In the division of labor among different branches of economic policy, addressing the coronavirus recession is a classic task for targeted fiscal policy: tax cuts and government spending. What we need now is less stimulus than a comprehensive national safety net to prevent bankruptcies and long-term financial damage. Once we have survived the epidemic we will need investments in public health infrastructure big and small. Every country clearly needs hugely improved surveillance, modeling, and emergency facilities, as well as substantial reserve capacity. All of this, in due course, will offer excellent opportunities to productively spend money and create high-quality jobs. Unlike in 2008, there will even be sectors that naturally expand. Spending on health care, which already accounts for almost 18 percent of U.S. economic activity, will likely explode. With social distancing, we are, in effect, being mandated to resort to the impersonal delivery and conference systems of the Amazons and Zooms of this world. (If only we already had drones at the ready to deliver billions of care packages.)

But as in 2008, before we can tackle the recession, there is another threat to deal with: the risk of a financial heart attack. A recession is different from a panic. And a financial panic is what we began facing the week of March 8. It is that threat that continues to haunt the markets.

The immediate trigger was the breakdown of oil talks and Saudi Arabia’s announcement of a price war. On top of the worsening coronavirus news from Italy, this shocked markets and induced a contraction in lending and a flight to safety. The demand for cash was insatiable. The reality began to sink in that what started as an external biological shock to the economy might be mutating into an internal collapse in confidence and credit.

A sudden credit crunch exposes those that have too much debt and weak business models and have taken excessive risk. Their distress spreads to the rest by way of business closures, job losses, and fire sales of otherwise good assets. Matters are made even worse if the economic victims have financed their activities with borrowing, such that their losses eventually strike the balance sheets of creditors that were unwise enough to lend to them. Fear of these repercussions contracts credit across the board.

In 2008, the banks were at the center of the storm. Given the consolidation of their balance sheets, it is less likely that America’s big banks will run into difficulty this time. But Europe’s banks never truly recovered from the double shock of 2008 and the eurozone crisis. Italy’s public finances are in precarious balance. On Wall Street, fund managers of all kinds have been booking large losses and are facing huge demand for cash. A hard-pressed oil-producing country might be forced to offload assets from a sovereign wealth fund, thereby depressing prices for otherwise good assets and unleashing a chain reaction.
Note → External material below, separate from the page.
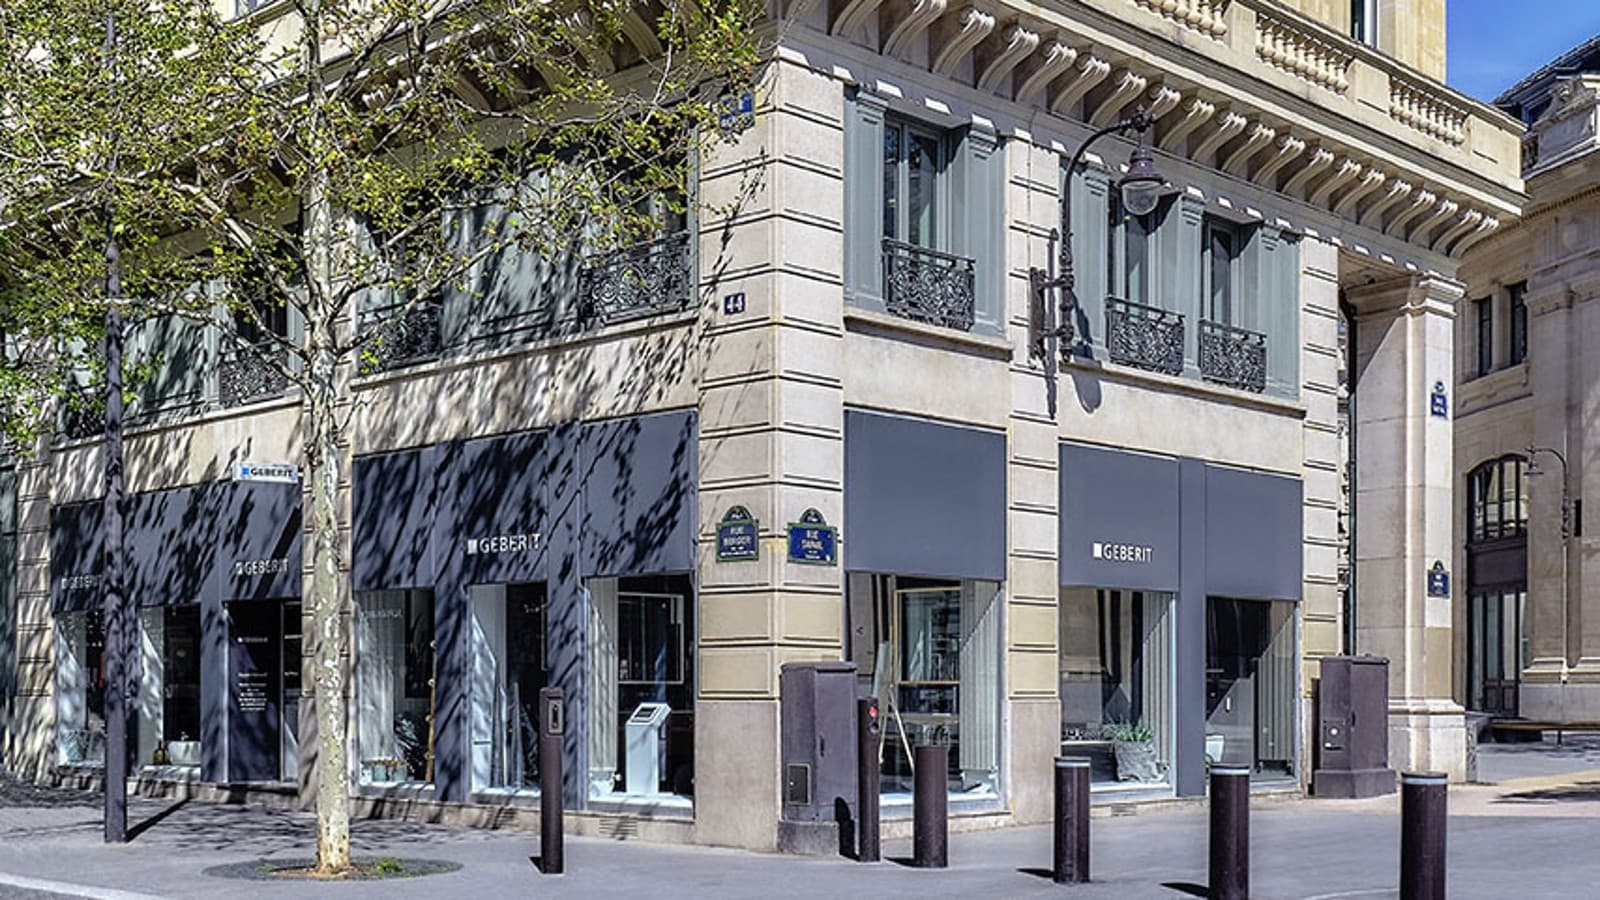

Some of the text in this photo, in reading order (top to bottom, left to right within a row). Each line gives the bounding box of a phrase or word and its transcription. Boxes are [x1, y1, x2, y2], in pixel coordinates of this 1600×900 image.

[726, 294, 743, 312] 44
[480, 533, 540, 554] GEBERIT
[1103, 544, 1152, 563] GEBERIT
[245, 559, 288, 576] GEBERIT
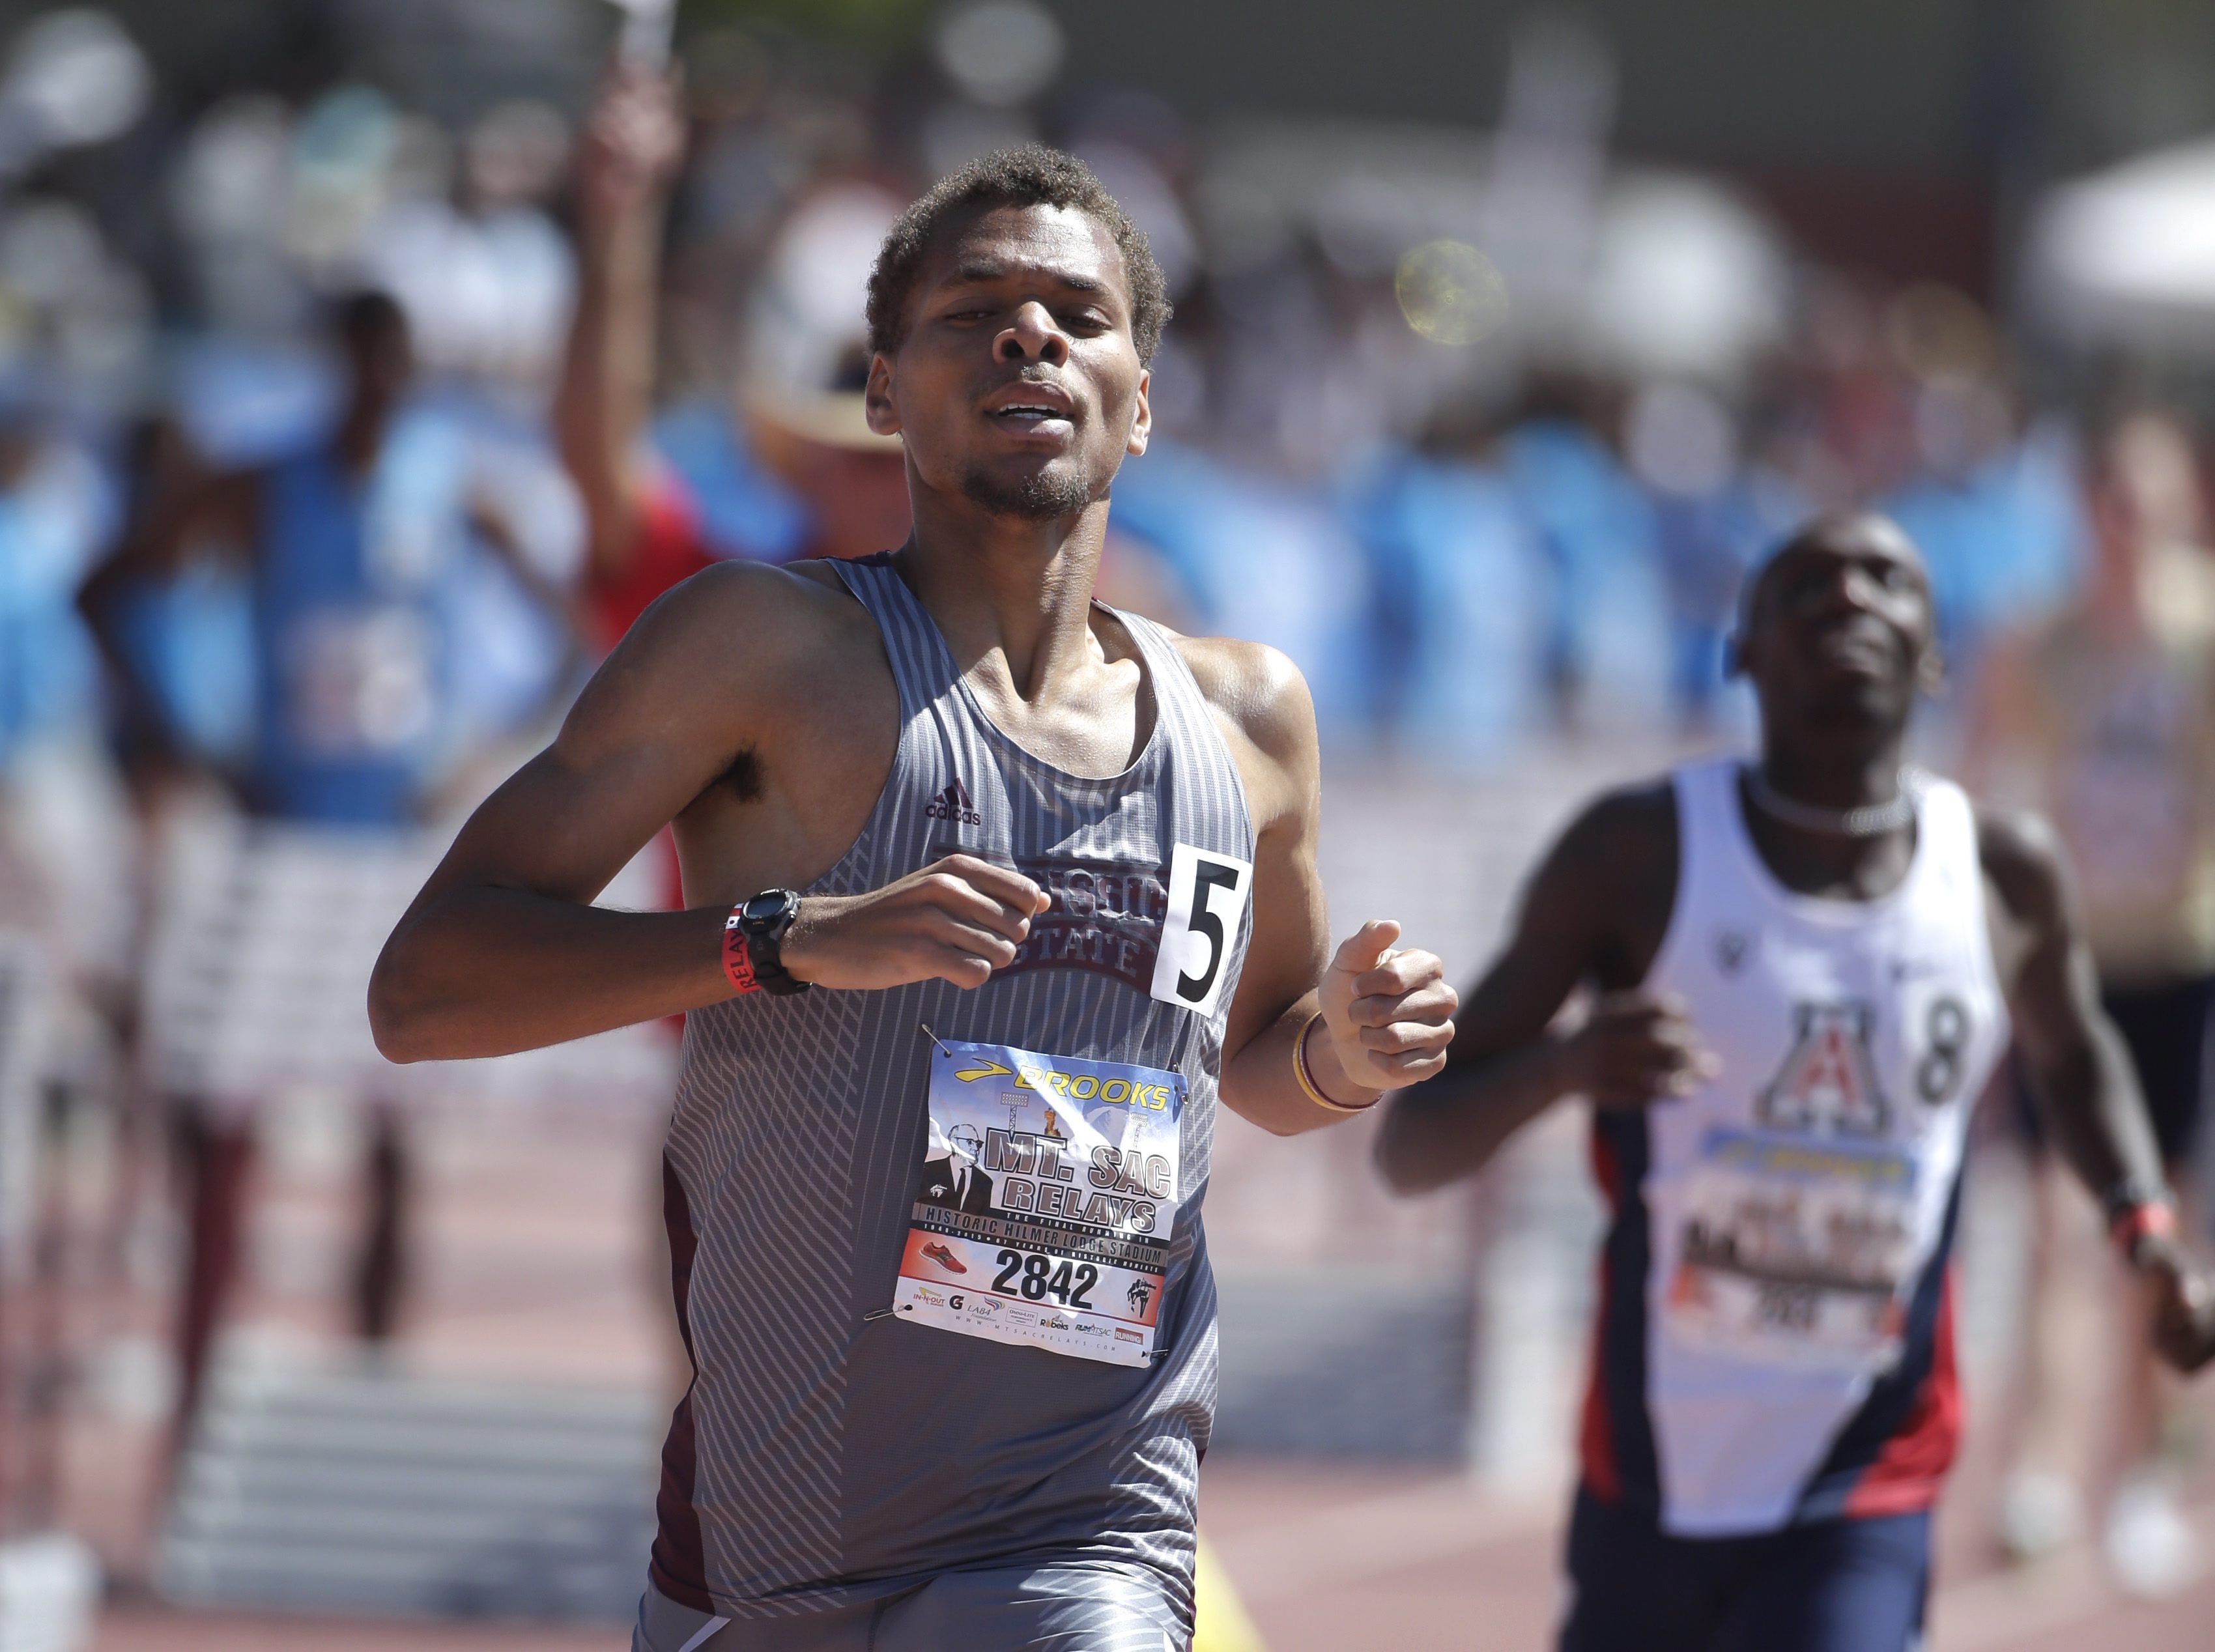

The most disconcerting sign has been the fact that as stock markets plunged, U.S. sovereign debt fell in price, too. That should not happen. Treasuries should function as safe havens. If their prices fall, it means that enough investors are desperate enough for cash to move even the biggest market.

Toward the end of the week, markets were hoping for goods news from the European Central Bank (ECB). Instead, bank president Christine Lagarde managed to make matters worse by seeming to signal that the ECB had no mandate to support Italy. She was forced to take the remarkable step of apologizing, not to Italy, but to her board. The Fed’s measures, announced at an extraordinary press conference Sunday, were blunt: It dropped interest rates to zero, embarking on a fourth round of quantitative easing. It is broadly the same toolkit it used in 2008.

These are not policies tailor-made for the pandemic. But that is not the point. The point is to not address the impact of the pandemic. As the Fed and ECB have both insisted, that is a task for fiscal policy. Faced with the coronavirus pandemic, the limited but essential role of the central banks is to prevent the credit system from becoming a risk in its own right.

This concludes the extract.